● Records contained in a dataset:
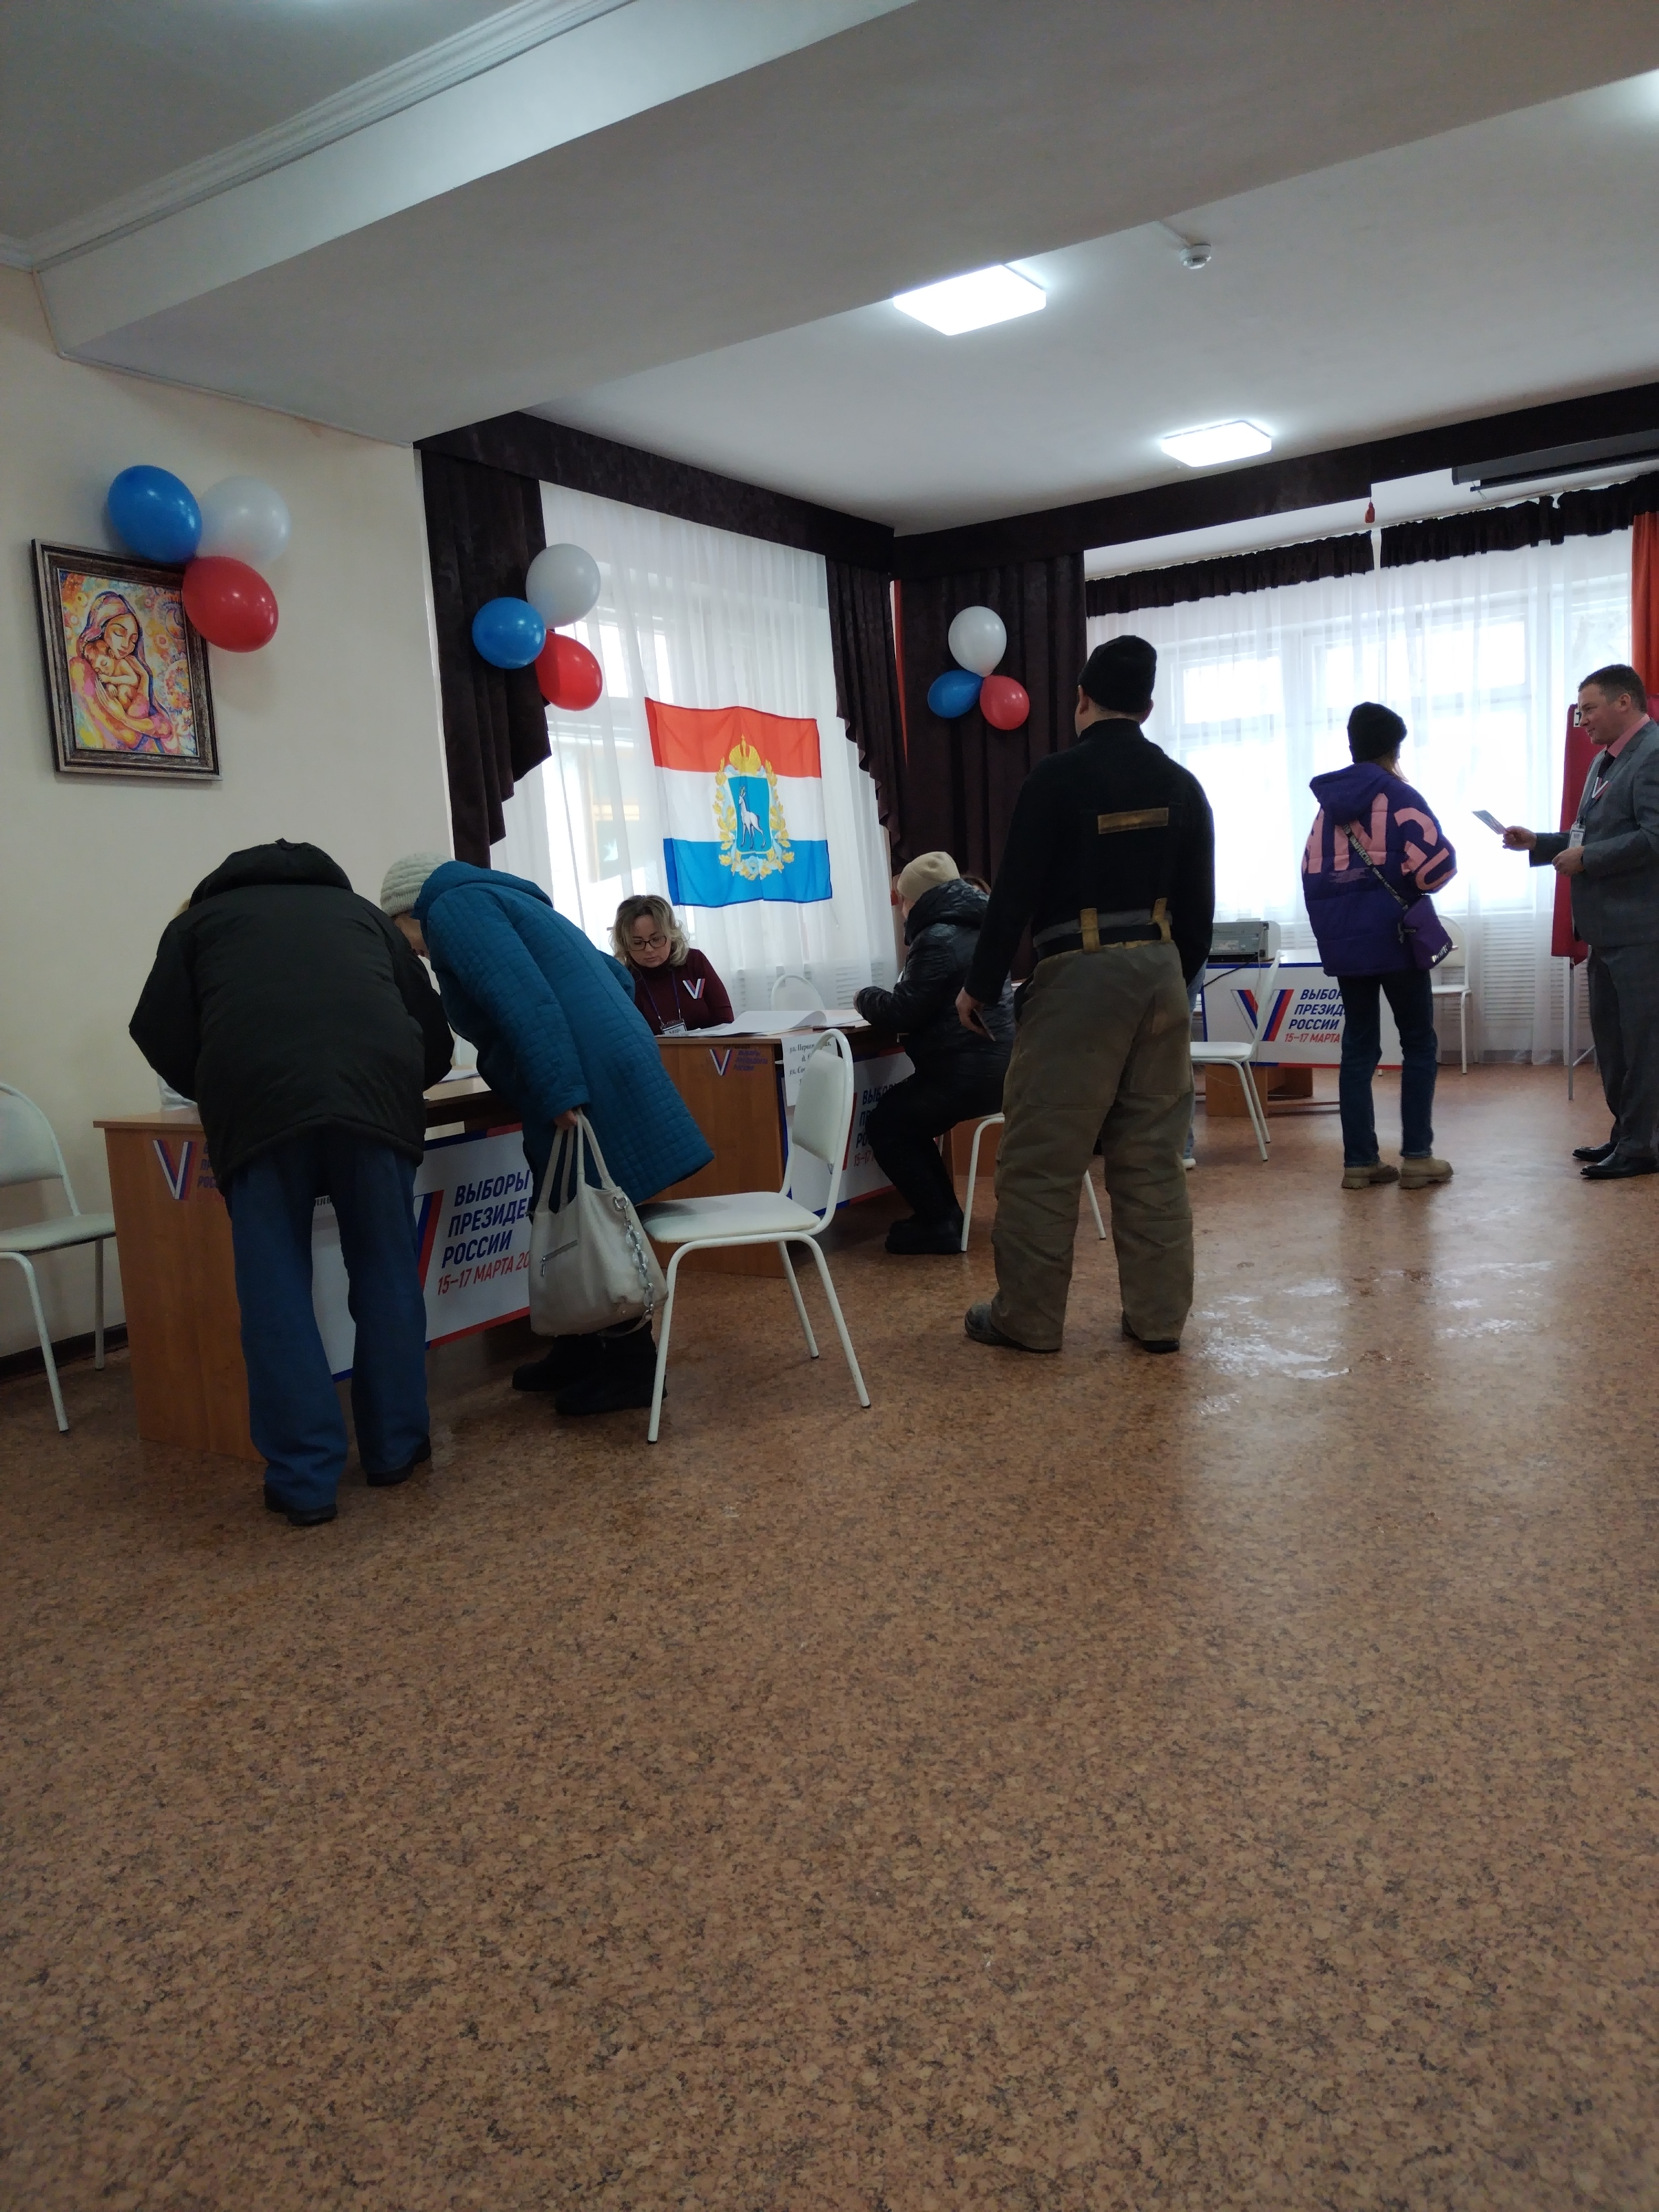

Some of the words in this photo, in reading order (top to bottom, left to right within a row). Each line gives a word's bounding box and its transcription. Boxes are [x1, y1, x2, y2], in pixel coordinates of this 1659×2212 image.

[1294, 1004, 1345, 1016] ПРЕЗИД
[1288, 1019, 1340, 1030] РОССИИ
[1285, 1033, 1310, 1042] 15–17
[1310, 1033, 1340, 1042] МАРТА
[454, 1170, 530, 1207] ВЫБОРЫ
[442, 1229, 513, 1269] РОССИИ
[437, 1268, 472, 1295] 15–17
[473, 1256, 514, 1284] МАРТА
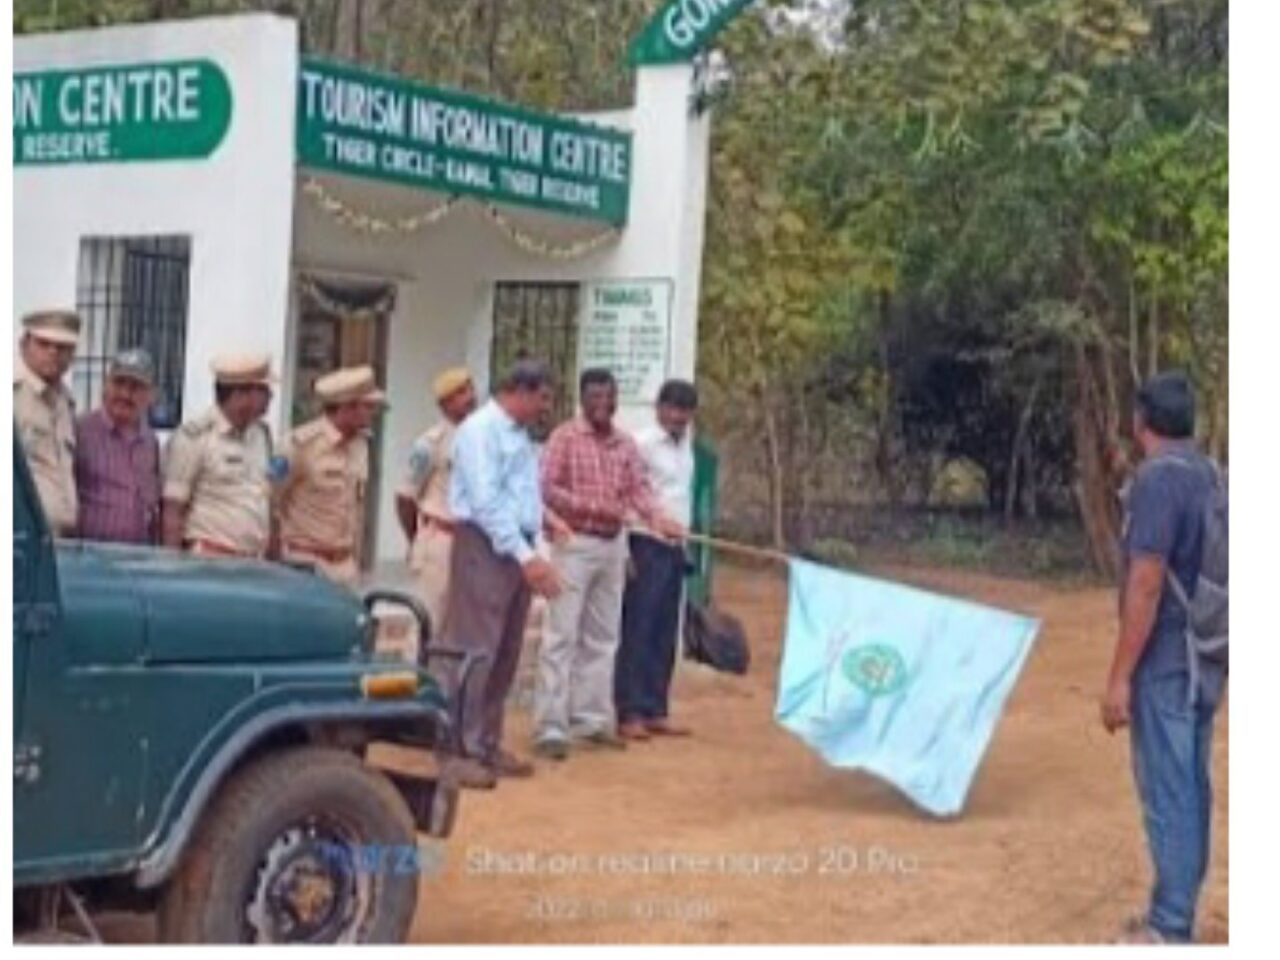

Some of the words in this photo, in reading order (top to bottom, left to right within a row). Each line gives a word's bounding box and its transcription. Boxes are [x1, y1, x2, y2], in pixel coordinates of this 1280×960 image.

● What is needed: No picture is to appear in the copy; every entry above is otherwise to be printed verbatim.

● Answer space:
Some of the words in this photo, in reading order (top to bottom, left to right within a row). Each line gives a word's bounding box and its transcription. Boxes are [x1, y1, x2, y2], in pixel coordinates of this 1659×2212 image.

[1294, 1004, 1345, 1016] ПРЕЗИД
[1288, 1019, 1340, 1030] РОССИИ
[1285, 1033, 1310, 1042] 15–17
[1310, 1033, 1340, 1042] МАРТА
[454, 1170, 530, 1207] ВЫБОРЫ
[442, 1229, 513, 1269] РОССИИ
[437, 1268, 472, 1295] 15–17
[473, 1256, 514, 1284] МАРТА

Some of the words in this photo, in reading order (top to bottom, left to right within a row). Each line gives a word's bounding box and its transcription. Boxes are [x1, y1, x2, y2], in pixel coordinates of this 1280×960 image.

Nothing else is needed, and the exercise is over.